The real choice isn’t modernization versus the status quo. It’s proactive investment versus delayed risk. And delay almost always increases the cost. Legacy systems break down over time. Maintenance gets more expensive. Security exposures widen. Eventually, the problems reach users, and when that happens, it’s already late.
Toyota Connected made a targeted move when they migrated part of their connected vehicle platform to AWS and MongoDB Atlas. It led to 99.99% uptime across more than 9 million vehicles in North America, according to Toyota Connected’s internal measurements. That’s an operational figure that directly supports business continuity on a massive scale.
Modernization doesn’t have to be done all at once, but it does need to be done with a clear focus. Start with systems that hold the most strategic weight. Prioritize outcomes that make a visible difference to users, operations, and developers.
Modern databases support Real-Time AI and Large-Scale data operations
AI is becoming central to how organizations operate, compete, and scale. But to do anything meaningful with AI, you need architecture that supports it. Legacy systems weren’t designed to feed real-time data into AI models or support dynamic decision-making at scale. Modern databases are built for that pressure. They consolidate structured and unstructured data, eliminate latency bottlenecks, and provide secure, always-on access to information.
Real-time relevance is the baseline for AI. Whether it’s fraud detection, adaptive personalization, or pricing models that shift based on demand, data can’t sit in silos or wait for batch processing. It has to move instantly across systems. That’s the value of distributed, cloud-native databases, designed to handle scale, volume, and unpredictable demand with speed and minimal friction.
MongoDB’s platform is doing this in real deployments today. Customers have reported productivity improvements of up to 70%, cutting down development cycles and scaling AI-powered features faster than internal tools would allow. Lombard Odier, for example, migrated from legacy systems to MongoDB twenty times faster than past modernization efforts. Their developers were able to move faster, because the underlying infrastructure no longer held them back.
Paul Done, Field CTO at MongoDB, explained that their approach blends data and application modernization under one framework. This allows companies to modernize faster, automate more, and make their systems ready for AI with minimal overhead.

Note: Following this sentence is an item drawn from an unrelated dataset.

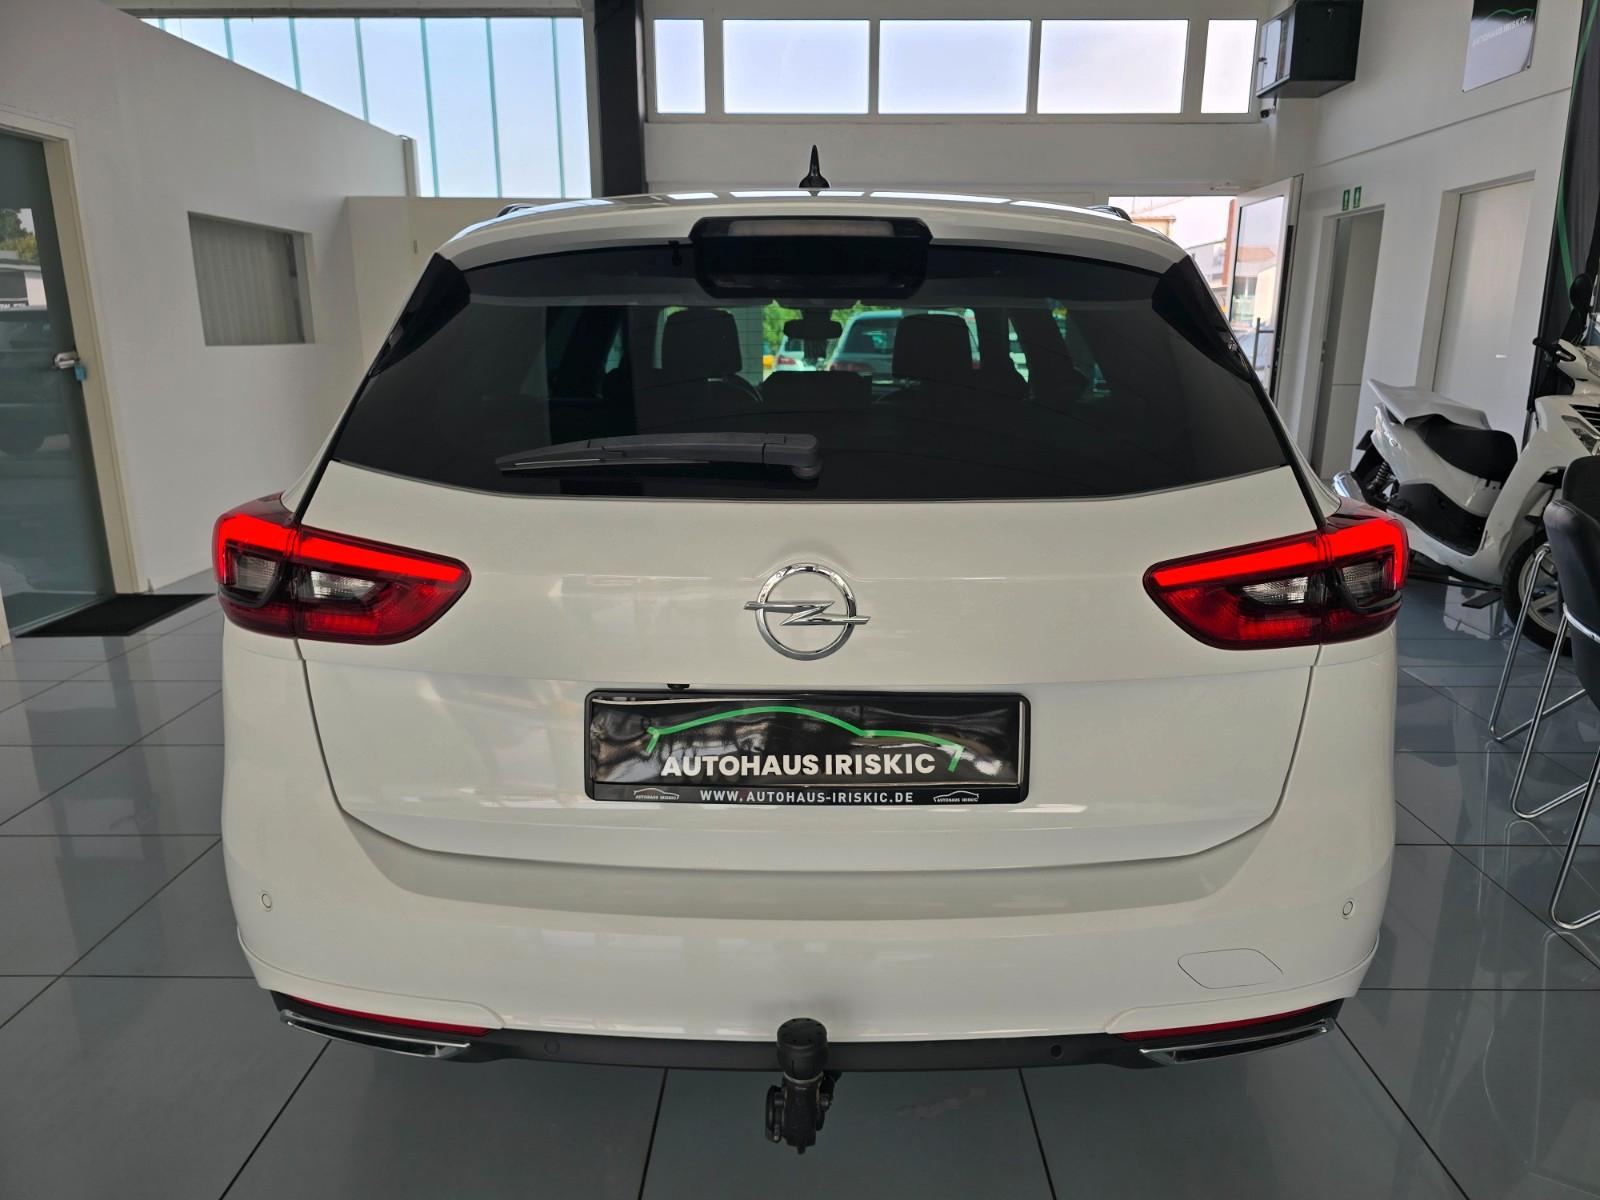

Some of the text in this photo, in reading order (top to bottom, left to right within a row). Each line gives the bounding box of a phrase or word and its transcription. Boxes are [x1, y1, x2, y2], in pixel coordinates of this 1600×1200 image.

[661, 753, 936, 777] AUTOHAUS IRISKIC
[700, 789, 914, 803] WWW.AUTOHAUS-IRISKIC.DE
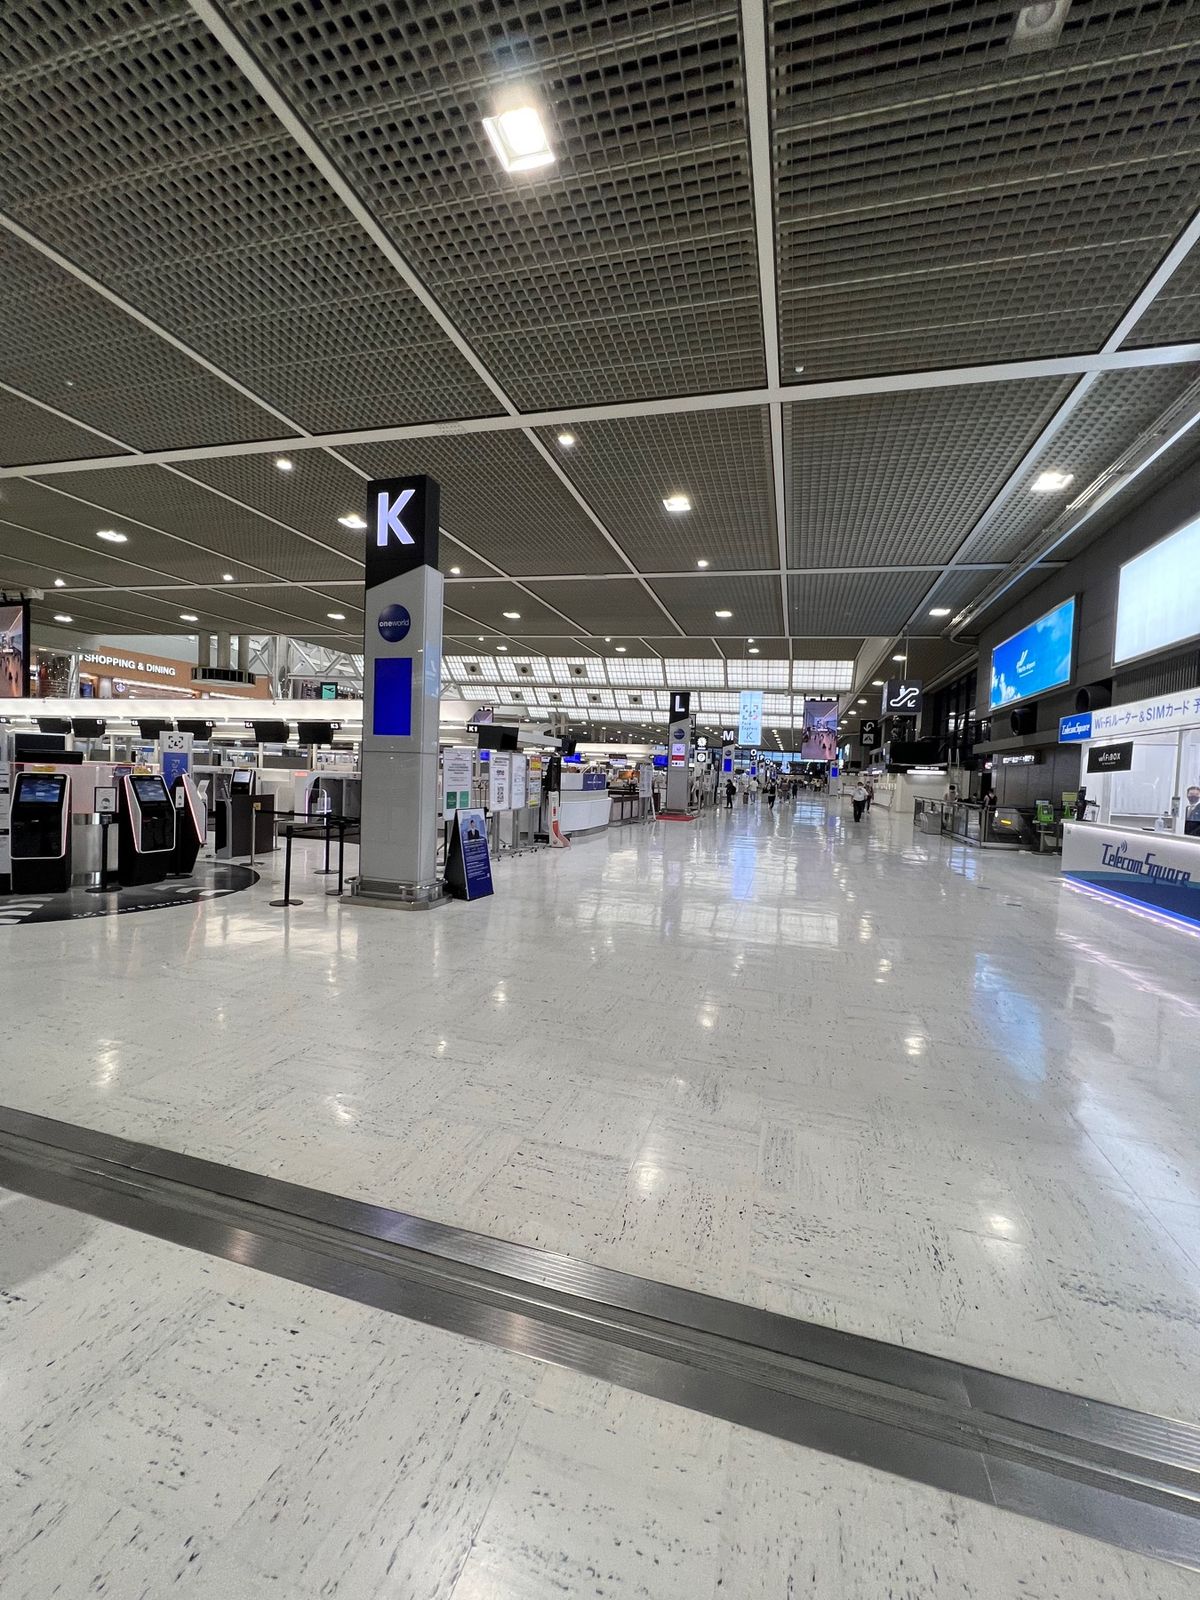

When your systems respond in real time and scale globally, AI becomes more than a concept, it becomes a core capability. That’s what modern databases unlock.
Key takeaways for leaders
- Eliminate technical debt first: Legacy systems consume IT budgets and stall innovation; leaders should prioritize retiring technical debt to unlock resources for growth and AI integration.
- Upgrade to improve velocity and security: Outdated infrastructure reduces developer productivity and increases security vulnerabilities; modern platforms enable faster development and stronger risk management.
- Go beyond Surface-Level fixes: True modernization requires full-stack transformation, not just migration; invest in scalable microservices, modern languages, and flexible databases to future-proof operations.
- Modernize with strategic focus: Replacing everything at once isn’t sustainable; executives should prioritize modernization projects based on business impact, operational pain points, and ROI potential.
- Build an AI-Ready data foundation: Modern databases support real-time AI at scale; leaders should adopt platforms that provide unified data access, automation, and low-latency infrastructure to stay competitive.